**WORK TO BE COMPLETED:**
None of the images should appear in your copy. Transcribe the data in full.

** EXERCISE MATERIAL follows **

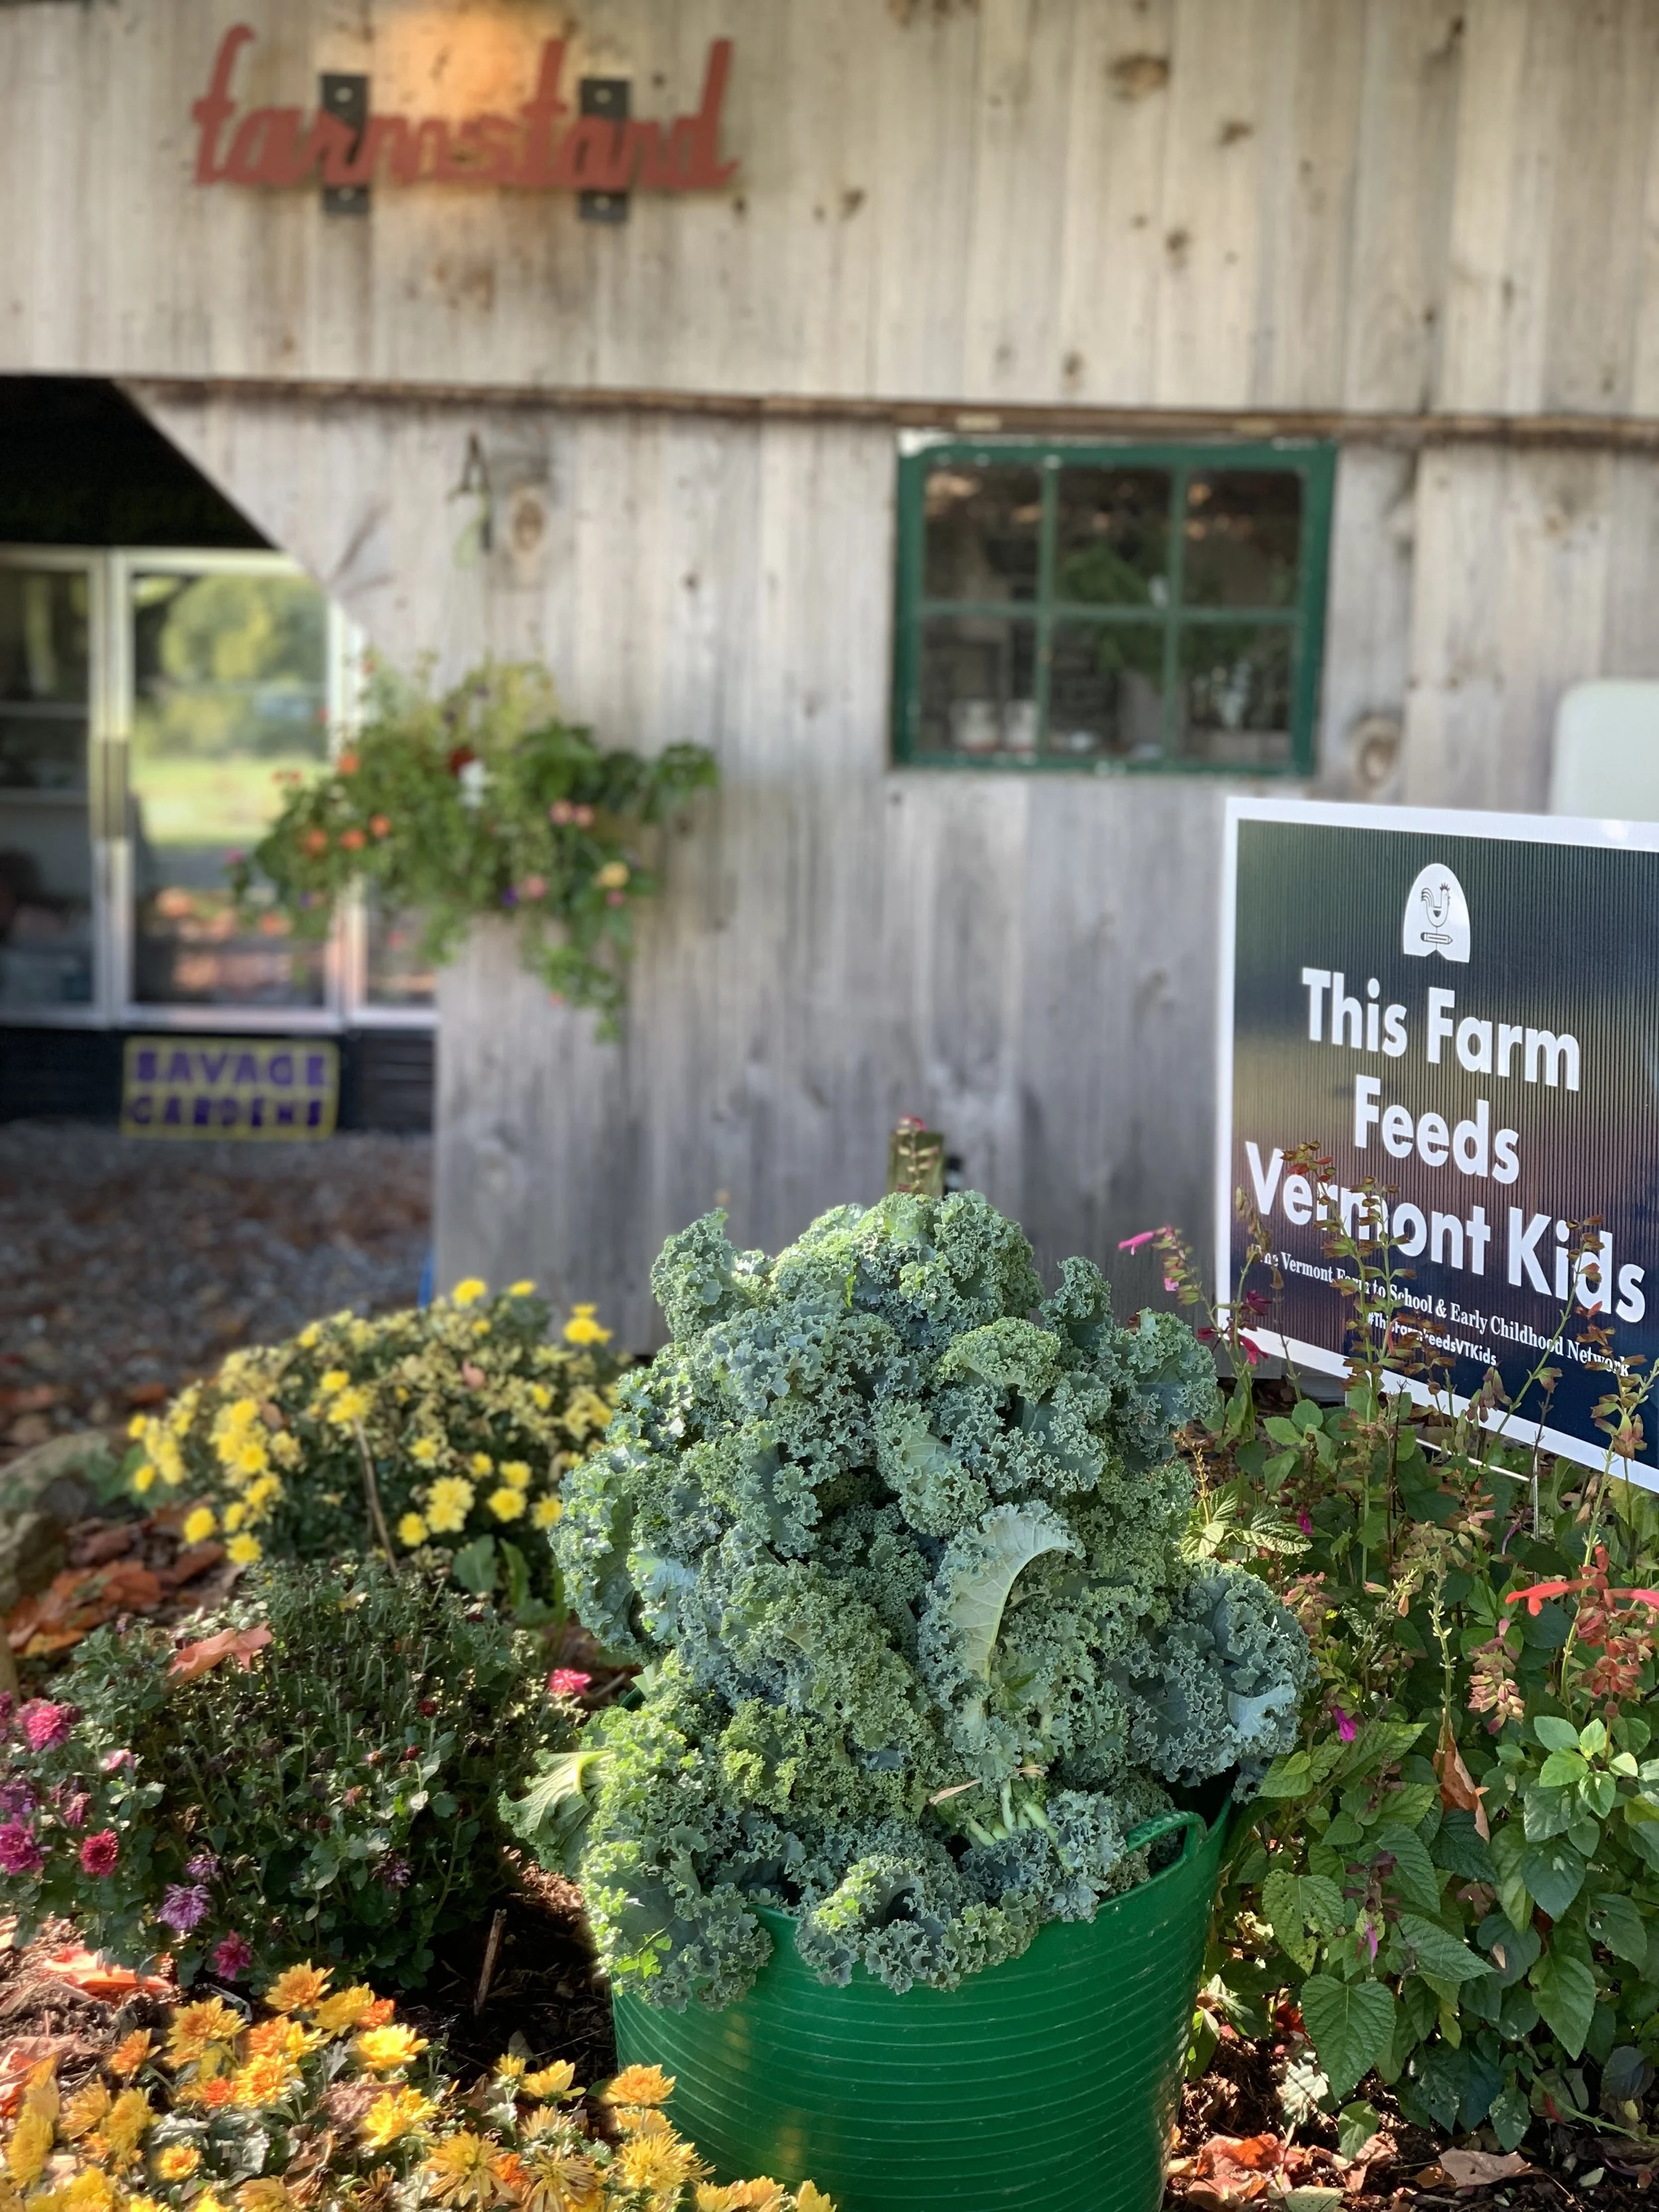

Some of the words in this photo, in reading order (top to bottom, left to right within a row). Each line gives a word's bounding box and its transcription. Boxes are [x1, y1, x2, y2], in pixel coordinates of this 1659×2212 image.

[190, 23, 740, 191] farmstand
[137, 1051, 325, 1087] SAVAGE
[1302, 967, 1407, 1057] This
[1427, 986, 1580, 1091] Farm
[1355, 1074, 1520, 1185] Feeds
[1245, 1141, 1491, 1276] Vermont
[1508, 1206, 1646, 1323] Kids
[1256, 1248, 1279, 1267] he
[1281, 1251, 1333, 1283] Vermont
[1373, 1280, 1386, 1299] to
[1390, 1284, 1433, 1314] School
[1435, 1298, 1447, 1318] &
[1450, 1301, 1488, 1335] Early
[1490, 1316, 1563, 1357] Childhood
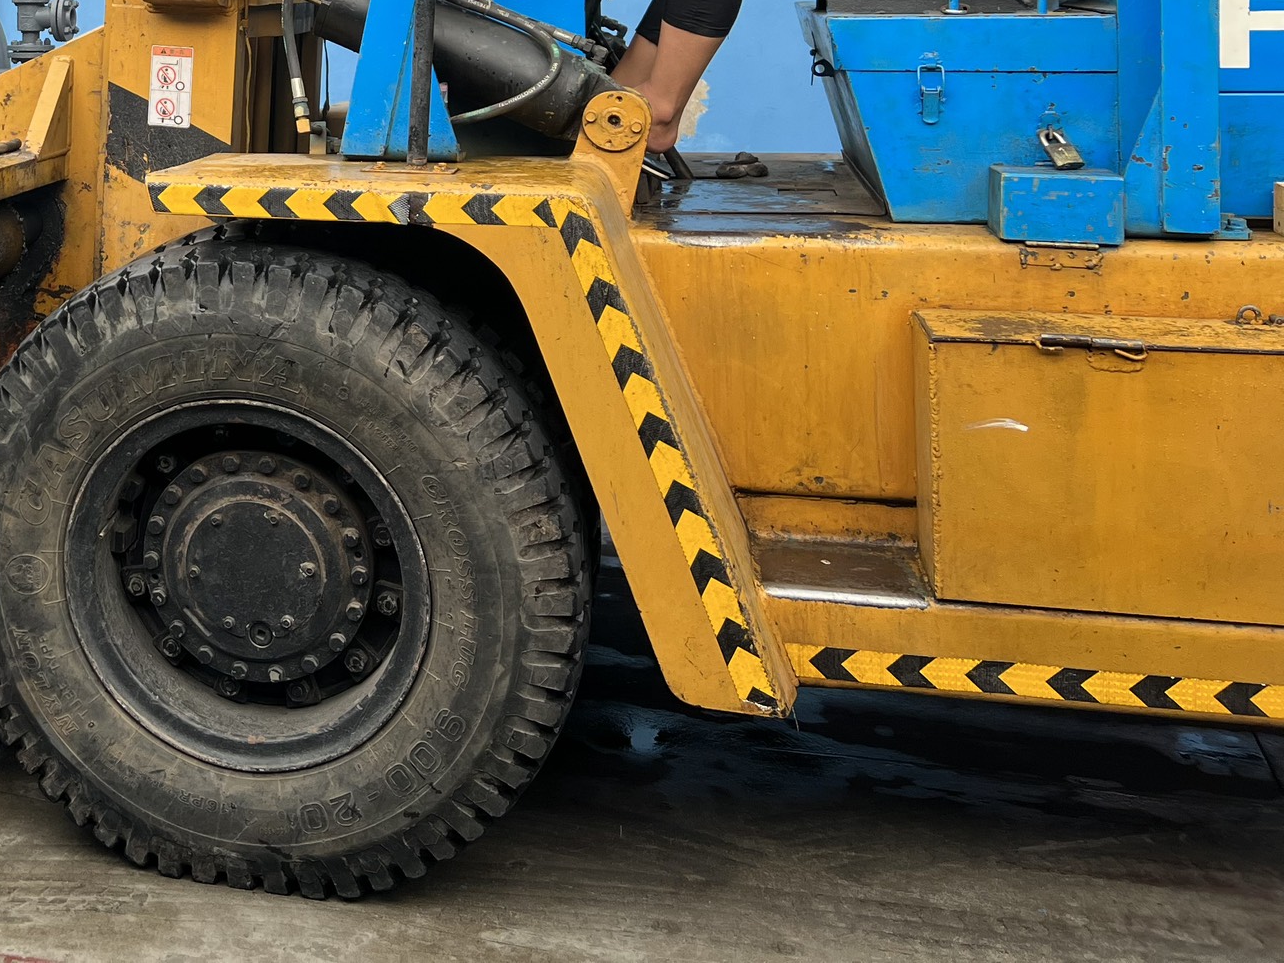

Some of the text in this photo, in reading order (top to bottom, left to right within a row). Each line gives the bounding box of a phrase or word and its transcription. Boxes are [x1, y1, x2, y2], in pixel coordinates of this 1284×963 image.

** End of EXERCISE MATERIAL **

**ANSWER TO THE EXERCISE:**
Some of the words in this photo, in reading order (top to bottom, left to right within a row). Each line gives a word's bounding box and its transcription. Boxes are [x1, y1, x2, y2], in pixel coordinates of this 1659×2212 image.

[190, 23, 740, 191] farmstand
[137, 1051, 325, 1087] SAVAGE
[1302, 967, 1407, 1057] This
[1427, 986, 1580, 1091] Farm
[1355, 1074, 1520, 1185] Feeds
[1245, 1141, 1491, 1276] Vermont
[1508, 1206, 1646, 1323] Kids
[1256, 1248, 1279, 1267] he
[1281, 1251, 1333, 1283] Vermont
[1373, 1280, 1386, 1299] to
[1390, 1284, 1433, 1314] School
[1435, 1298, 1447, 1318] &
[1450, 1301, 1488, 1335] Early
[1490, 1316, 1563, 1357] Childhood

Some of the text in this photo, in reading order (top to bottom, left to right within a row). Each line gives the bounding box of a phrase or word and its transcription. Boxes are [x1, y1, x2, y2], in pixel coordinates of this 1284×963 image.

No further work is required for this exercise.